> _WORK ITEM_
The entries are to be printed again word for word, but no picture may appear.

[RECORDS SHOWN — start]

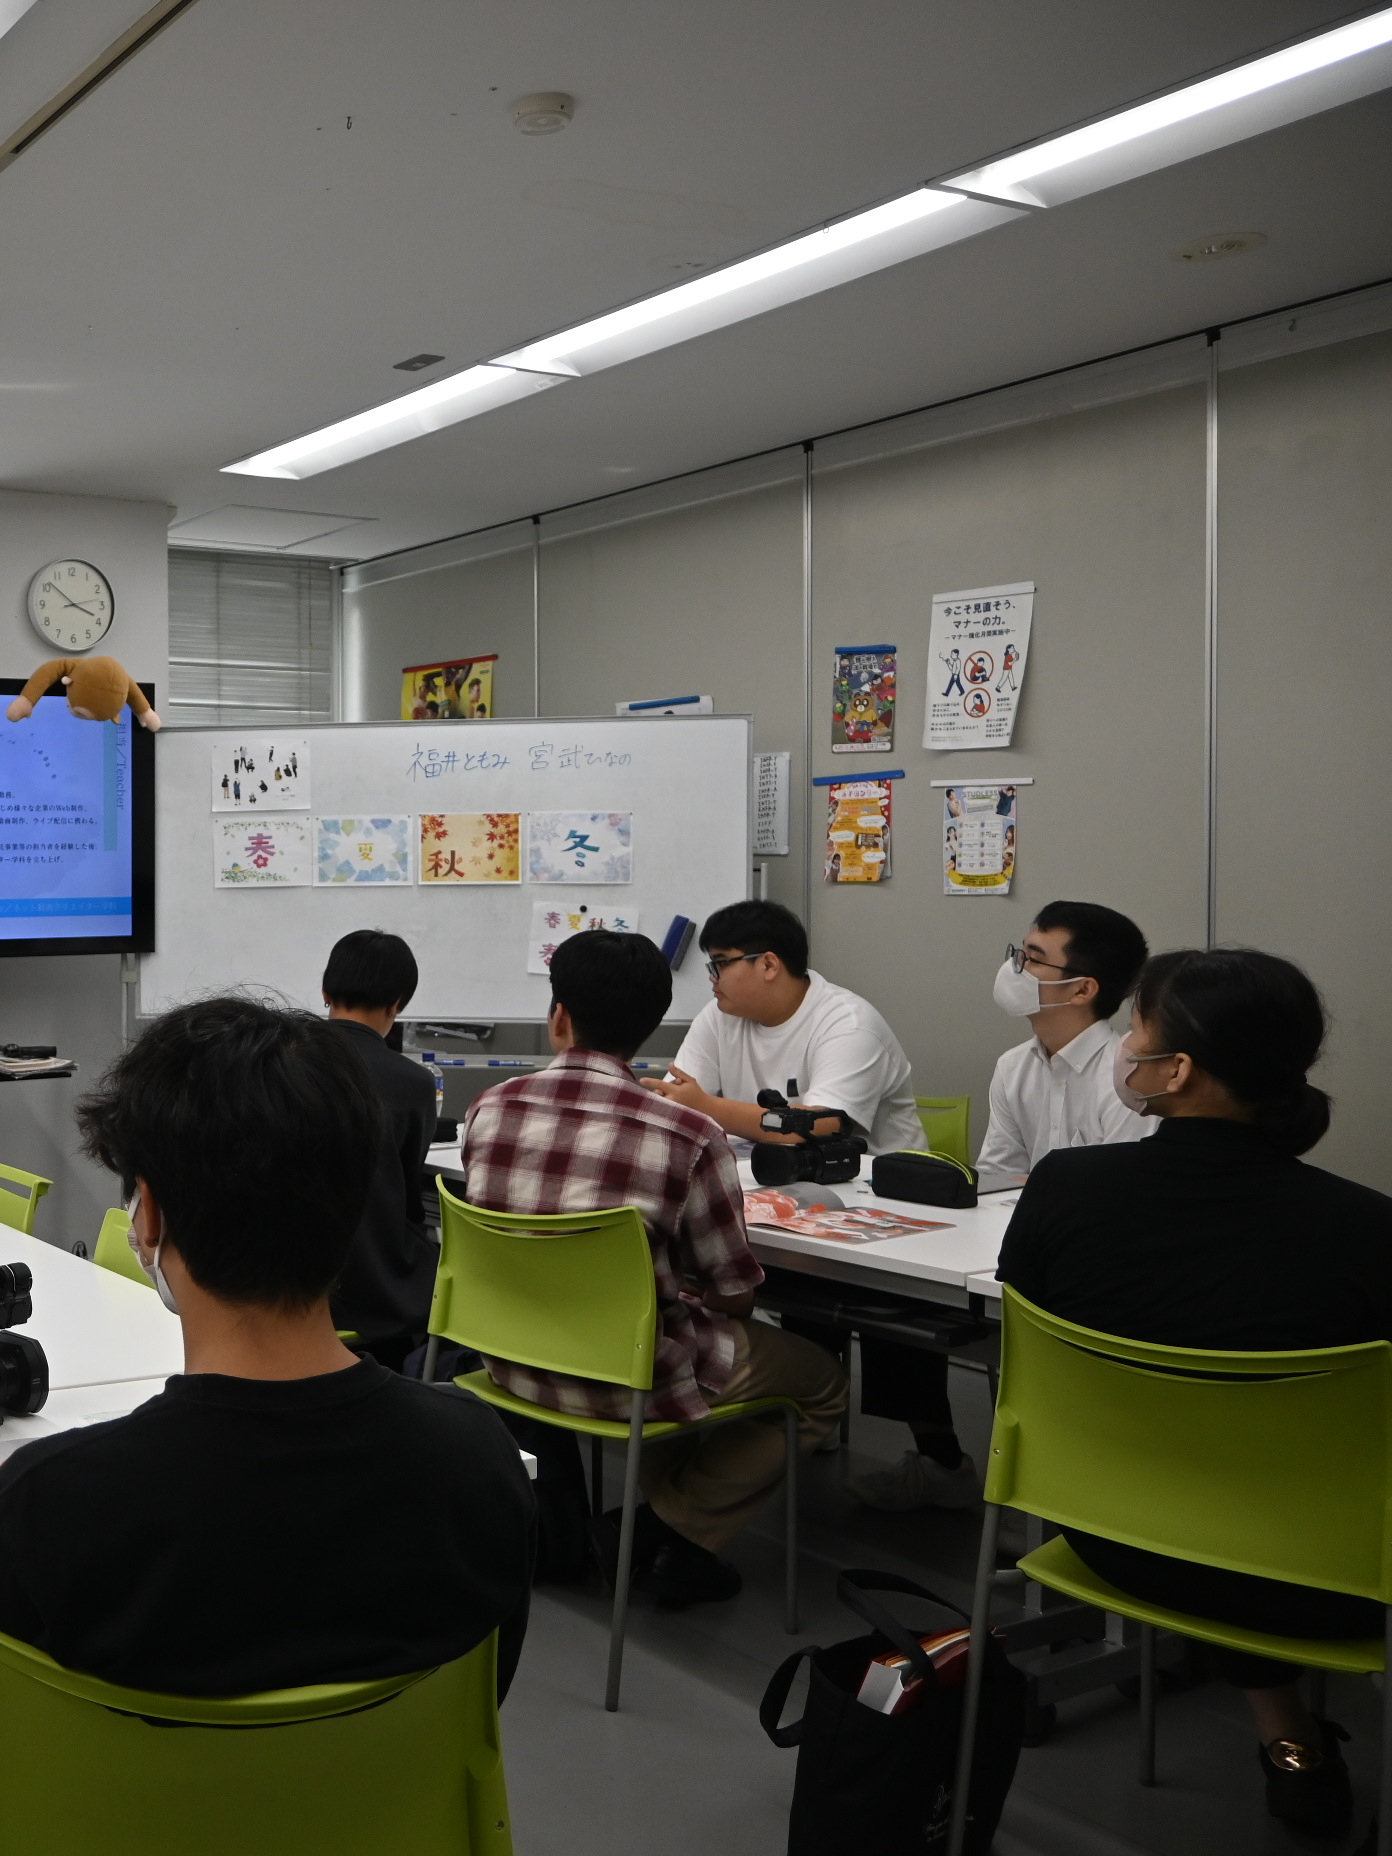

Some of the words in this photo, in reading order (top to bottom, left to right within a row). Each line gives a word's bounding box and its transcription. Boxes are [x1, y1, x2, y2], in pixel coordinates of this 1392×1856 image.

[53, 571, 61, 581] 11
[68, 566, 76, 577] 12
[42, 582, 51, 592] 10
[94, 584, 101, 594] 2
[39, 600, 46, 610] 9
[99, 600, 105, 611] 3
[943, 599, 1016, 617] 今こそ見直そう、
[43, 617, 51, 627] 8
[95, 617, 101, 627] 4
[952, 614, 1006, 629] マナーの力。
[55, 628, 62, 638] 7
[70, 633, 77, 643] 6
[85, 629, 92, 639] 5
[406, 743, 510, 783] 福井ともみ
[528, 741, 632, 771] 宮武ひなの
[244, 833, 276, 869] 春
[356, 842, 375, 861] 夏
[562, 829, 601, 868] 冬
[425, 849, 466, 878] 秋
[544, 911, 561, 929] 春
[567, 913, 584, 931] 夏
[587, 917, 607, 931] 秋
[612, 916, 630, 933] 冬
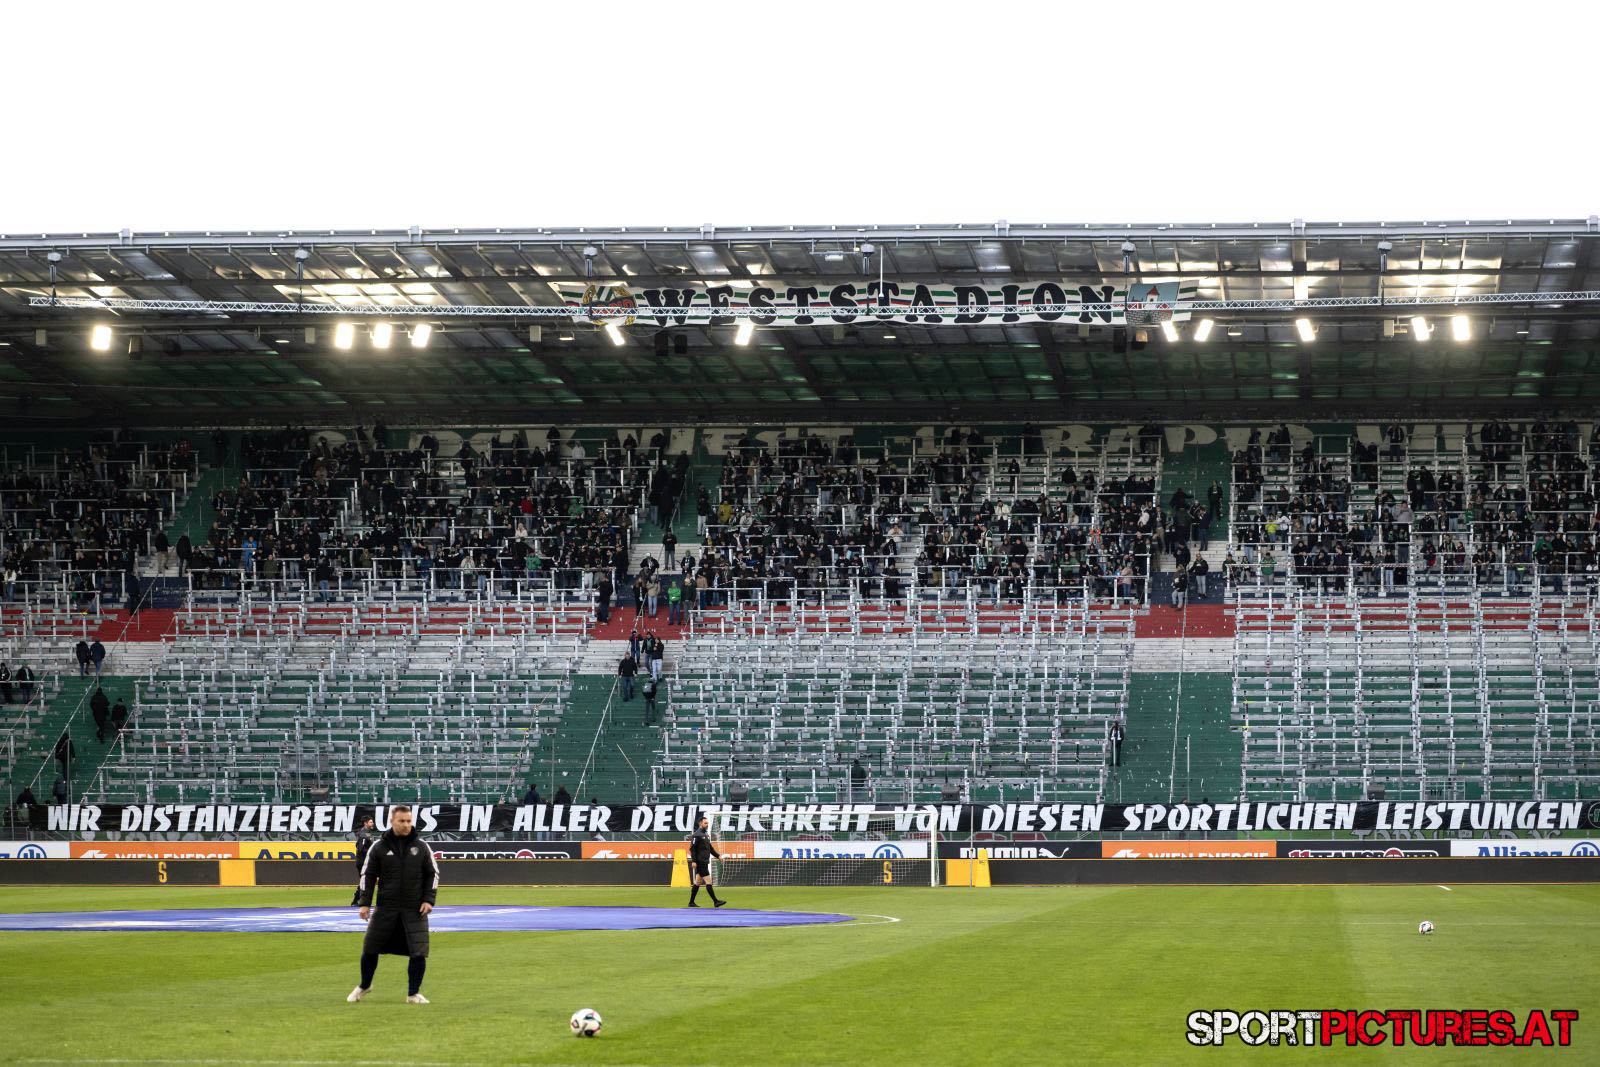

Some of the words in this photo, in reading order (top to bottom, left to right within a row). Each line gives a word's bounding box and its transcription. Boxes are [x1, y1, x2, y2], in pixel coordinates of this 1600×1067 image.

[643, 282, 1115, 325] WESTSTADION
[48, 804, 101, 831] WIR
[120, 805, 355, 831] DISTANZIEREN
[375, 804, 440, 832] US
[459, 804, 493, 831] IN
[512, 804, 612, 831] ALLER
[630, 804, 875, 831] DEUTLICHKEIT
[894, 804, 962, 831] VON
[981, 804, 1104, 831] DIESEN
[1123, 803, 1357, 831] SPORTLICHEN
[1376, 802, 1582, 829] LEISTUNGEN
[158, 861, 168, 883] S
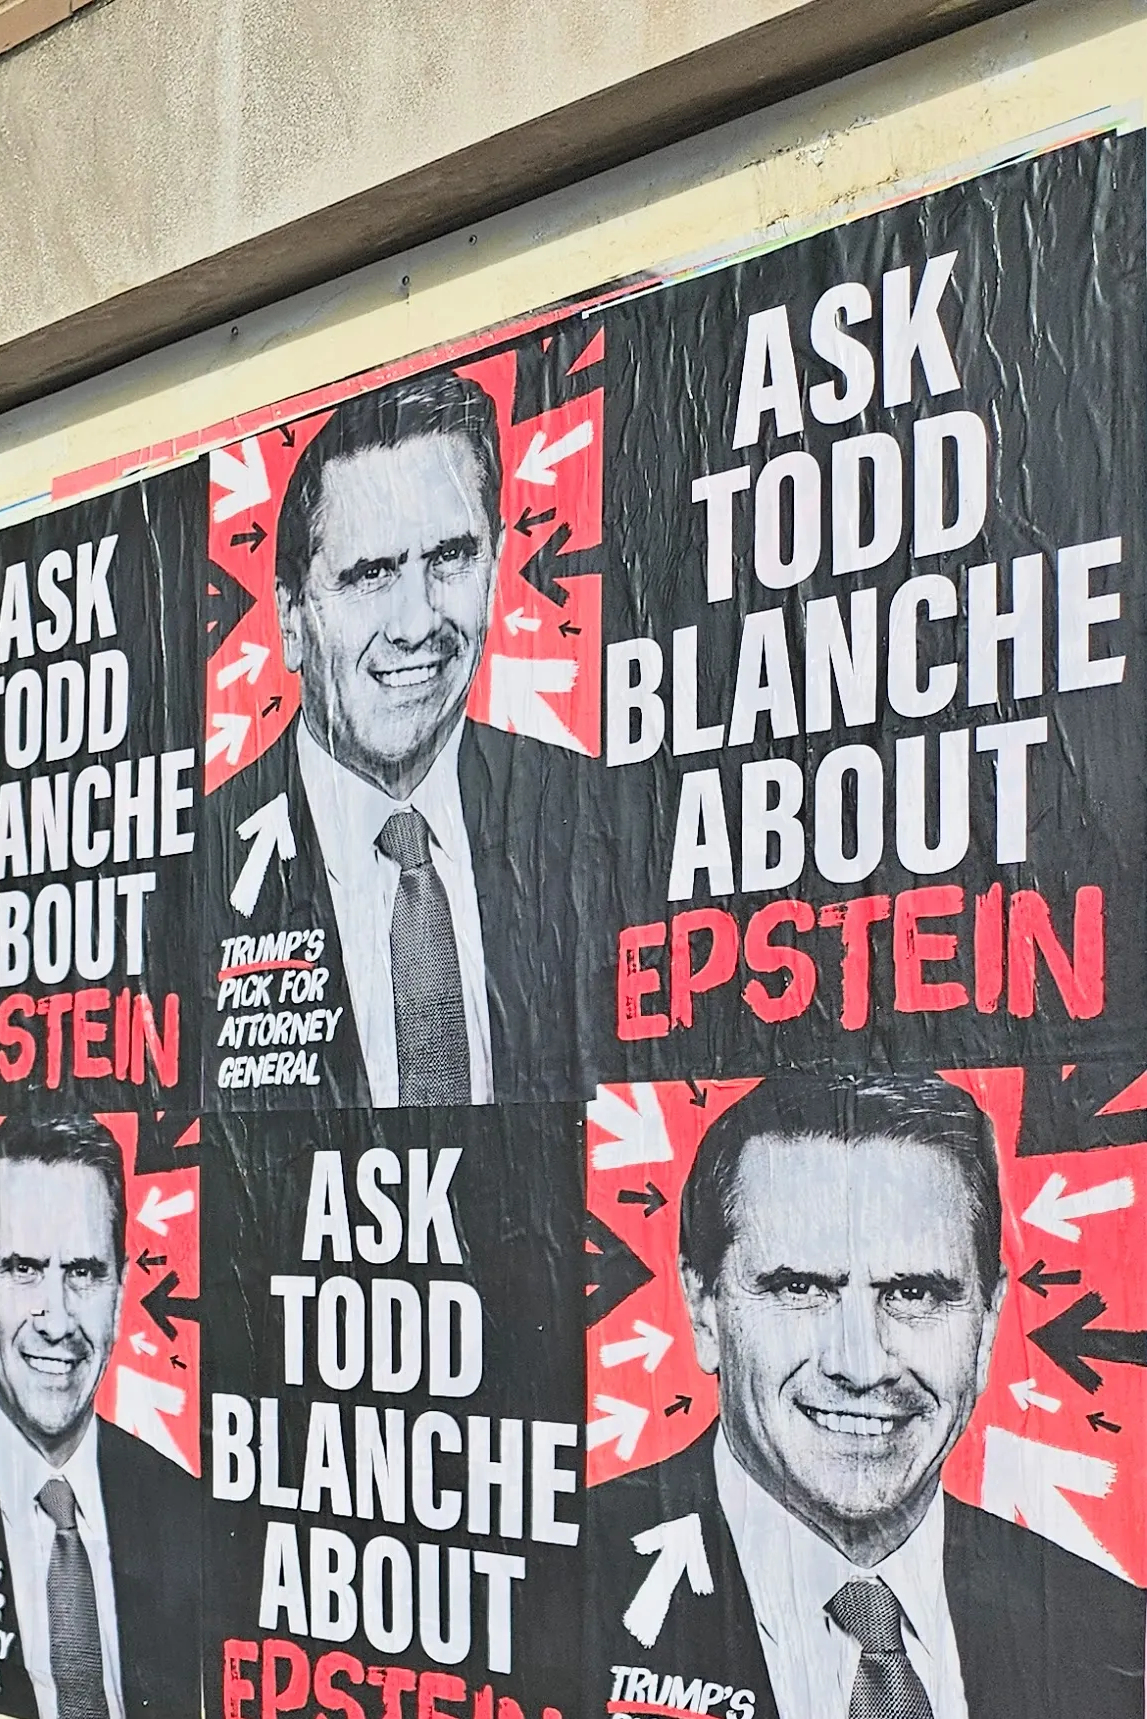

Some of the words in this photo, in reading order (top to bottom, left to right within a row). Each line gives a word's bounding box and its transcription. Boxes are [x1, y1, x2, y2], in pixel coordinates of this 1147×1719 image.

[732, 250, 962, 450] ASK
[691, 411, 989, 604] TODD
[606, 536, 1126, 768] BLANCHE
[667, 716, 1048, 902] ABOUT
[217, 974, 274, 1012] PICK
[278, 967, 329, 1004] FOR
[220, 929, 325, 972] TRUMP'S
[617, 882, 1106, 1042] EPSTEIN
[217, 1006, 344, 1050] ATTORNEY
[218, 1050, 321, 1089] GENERAL
[301, 1147, 464, 1265] ASK
[270, 1275, 483, 1397] TODD
[211, 1392, 581, 1547] BLANCHE
[258, 1520, 527, 1675] ABOUT
[610, 1665, 756, 1719] TRUMP'S

[RECORDS SHOWN — finish]

> _FINISHED EXERCISE_
Some of the words in this photo, in reading order (top to bottom, left to right within a row). Each line gives a word's bounding box and its transcription. Boxes are [x1, y1, x2, y2], in pixel coordinates of this 1392×1856 image.

[53, 571, 61, 581] 11
[68, 566, 76, 577] 12
[42, 582, 51, 592] 10
[94, 584, 101, 594] 2
[39, 600, 46, 610] 9
[99, 600, 105, 611] 3
[943, 599, 1016, 617] 今こそ見直そう、
[43, 617, 51, 627] 8
[95, 617, 101, 627] 4
[952, 614, 1006, 629] マナーの力。
[55, 628, 62, 638] 7
[70, 633, 77, 643] 6
[85, 629, 92, 639] 5
[406, 743, 510, 783] 福井ともみ
[528, 741, 632, 771] 宮武ひなの
[244, 833, 276, 869] 春
[356, 842, 375, 861] 夏
[562, 829, 601, 868] 冬
[425, 849, 466, 878] 秋
[544, 911, 561, 929] 春
[567, 913, 584, 931] 夏
[587, 917, 607, 931] 秋
[612, 916, 630, 933] 冬

Some of the words in this photo, in reading order (top to bottom, left to right within a row). Each line gives a word's bounding box and its transcription. Boxes are [x1, y1, x2, y2], in pixel coordinates of this 1600×1067 image.

[643, 282, 1115, 325] WESTSTADION
[48, 804, 101, 831] WIR
[120, 805, 355, 831] DISTANZIEREN
[375, 804, 440, 832] US
[459, 804, 493, 831] IN
[512, 804, 612, 831] ALLER
[630, 804, 875, 831] DEUTLICHKEIT
[894, 804, 962, 831] VON
[981, 804, 1104, 831] DIESEN
[1123, 803, 1357, 831] SPORTLICHEN
[1376, 802, 1582, 829] LEISTUNGEN
[158, 861, 168, 883] S

Some of the words in this photo, in reading order (top to bottom, left to right within a row). Each line gives a word's bounding box and its transcription. Boxes are [x1, y1, x2, y2], in pixel coordinates of this 1147×1719 image.

[732, 250, 962, 450] ASK
[691, 411, 989, 604] TODD
[606, 536, 1126, 768] BLANCHE
[667, 716, 1048, 902] ABOUT
[217, 974, 274, 1012] PICK
[278, 967, 329, 1004] FOR
[220, 929, 325, 972] TRUMP'S
[617, 882, 1106, 1042] EPSTEIN
[217, 1006, 344, 1050] ATTORNEY
[218, 1050, 321, 1089] GENERAL
[301, 1147, 464, 1265] ASK
[270, 1275, 483, 1397] TODD
[211, 1392, 581, 1547] BLANCHE
[258, 1520, 527, 1675] ABOUT
[610, 1665, 756, 1719] TRUMP'S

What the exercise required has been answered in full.